「くらし」の昔から未来まで

花水木2017年夏号

 梅雨とは思えない天気が続いていますが、皆様お変わりなくお過ごしでしょうか。
 さて、空き家の増加が全国的な問題となっている昨今、その問題解決の一つとして、空き家の譲渡所得の3,000万円特別控除という新たな措置が創設されています。
 空き家の草取りや、家屋の手入れ、固定資産税など、実際に負担がかかっています。

ポイント① 相続した家屋、及び敷地が空き家となっている
 被相続人の居住の用に供していた家屋を相続したが、空き家となっている。
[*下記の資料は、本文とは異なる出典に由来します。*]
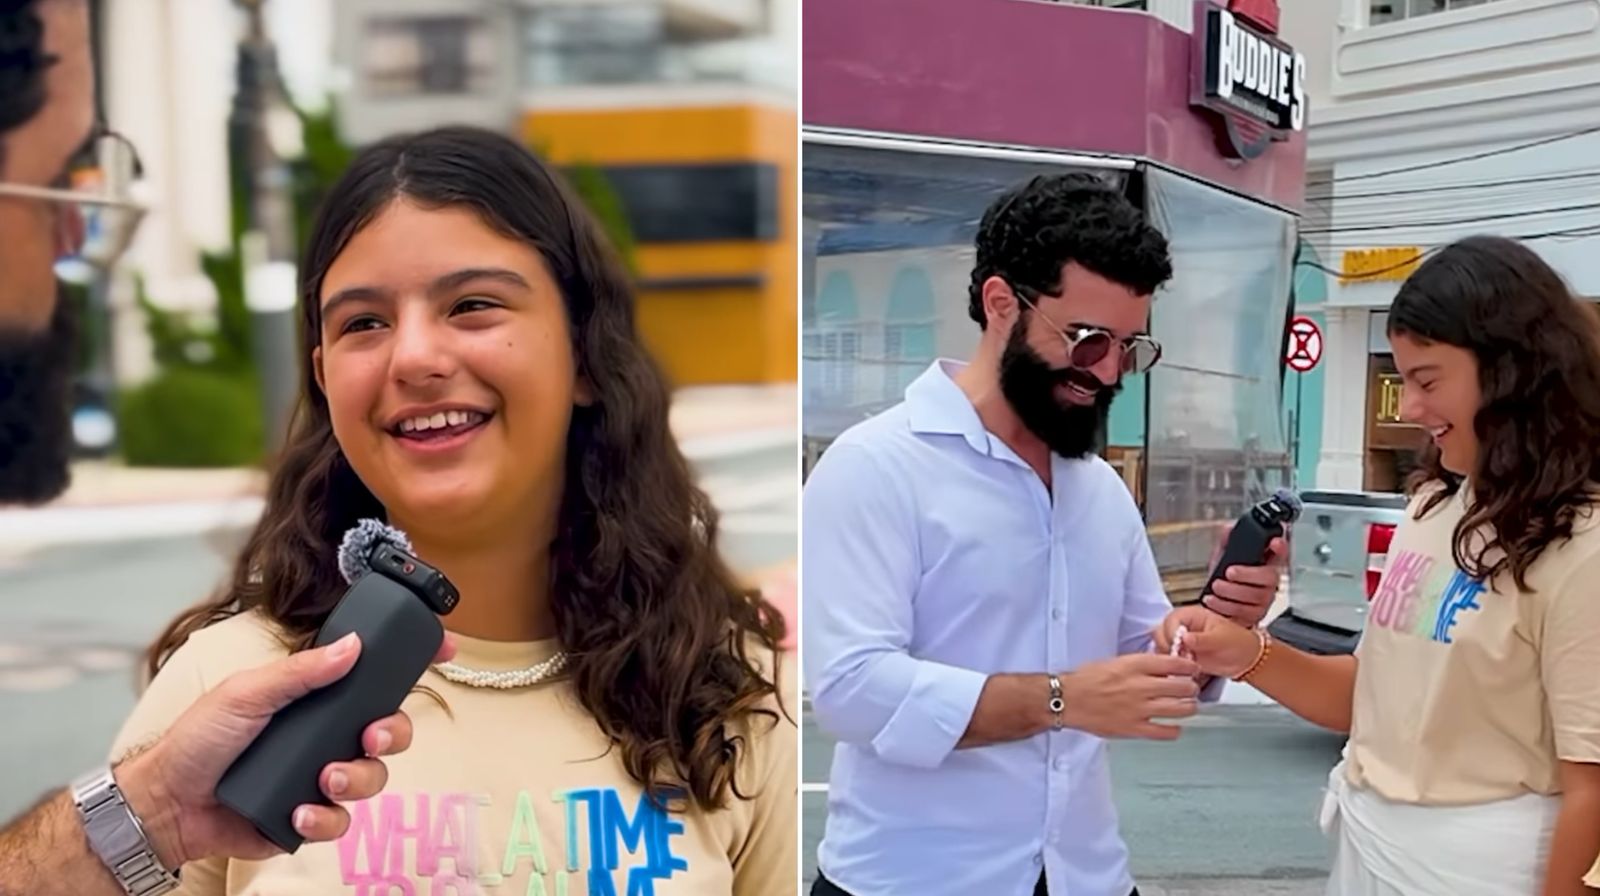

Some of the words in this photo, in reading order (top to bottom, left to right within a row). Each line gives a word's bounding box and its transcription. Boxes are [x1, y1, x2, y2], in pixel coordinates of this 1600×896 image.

[336, 793, 491, 884] WHAT
[502, 789, 547, 877] A
[552, 787, 688, 877] TIME
相続してから、事業、貸付、居住の用には供されていない。

ポイント② 相続発生日を起算点とした適用期間の要件
 相続日から起算して3年を経過する日の属する年の12月31日まで、かつ、特例の適用期間である平成28年4月1日から平成31年12月31日までに譲渡することが必要。
 【例】平成26年1月2日に相続が発生
     →本特例の対象となる譲渡期間:平成28年4月1日~平成29年12月31日

ポイント③ 相続した家屋の要件
 ①相続の開始の直前において被相続人の居住の用に供されていたものであること。
 ②昭和56年5月31日以前に建築された建物であること、等。

ポイント④ 空き家の取壊しを行うこと。
 当該家屋を取壊し(耐震リフォームがある場合は不要)、譲渡する。

【具体例】相続した家屋を取り壊して、取壊し後の土地を500万円で譲渡した場合

前提条件
・昭和55年建築  ・取壊し費用200万円  ・被相続人が20年間所有  ・取得価格不明

■本特例を適用する場合の譲渡所得
 ( 500万円 - 500万円 × 5% -  200万円  - 3,000万円 ) =0円
   譲渡価格 -取得費(譲渡価格×5%)-譲渡費用 -特別控除3,000万円 =譲渡所得

■本特例がない場合の譲渡所得
( 500万円 - 500万円 × 5% -  200万円  ) =275万円

275万円に所得税・復興所得税・住民税が課税されます。
  2,750,000円 × 20.315% = 約56万円


社長の奮闘記!

冒頭にも書きましたが、実際に空き家を維持していくのは大変です。GW直前にも管理物件の草取りで、相当疲れてしまいました。
当日は、日焼け・脱水に気を付けていたのですが、まさかの虫さされで眠れないほどの痒さに悩まされました。それでも、夏が来るまでに綺麗になったので満足しています。また、台風の季節には雨戸の開け閉めや、樹木の伐採など定期的に手をかけていかなければなりません。
別の物件にて以前、草の中にハチの巣が出来てしまい近隣の方からクレームがありました。空き家となって1年も満たない家でしたが、草が生い茂り、その中には冷蔵庫や自転車まで放置してある始末でした。結局、除草・駆除・処分費で20万円もかかってしまいました。それでも、不法投棄・放火による火災などの心配がなくなった訳ではありません。空き家を維持していくために、定期的な除草、修繕、さらには固定資産税など体力的・金銭的に負担はかかります。
平成28年度の税制改正で本特例が創設されました。同じものを売却するなら、税金が少しでも少なくなる時に検討をしてみて下さい。特例の対象期間もありますので、ご注意を!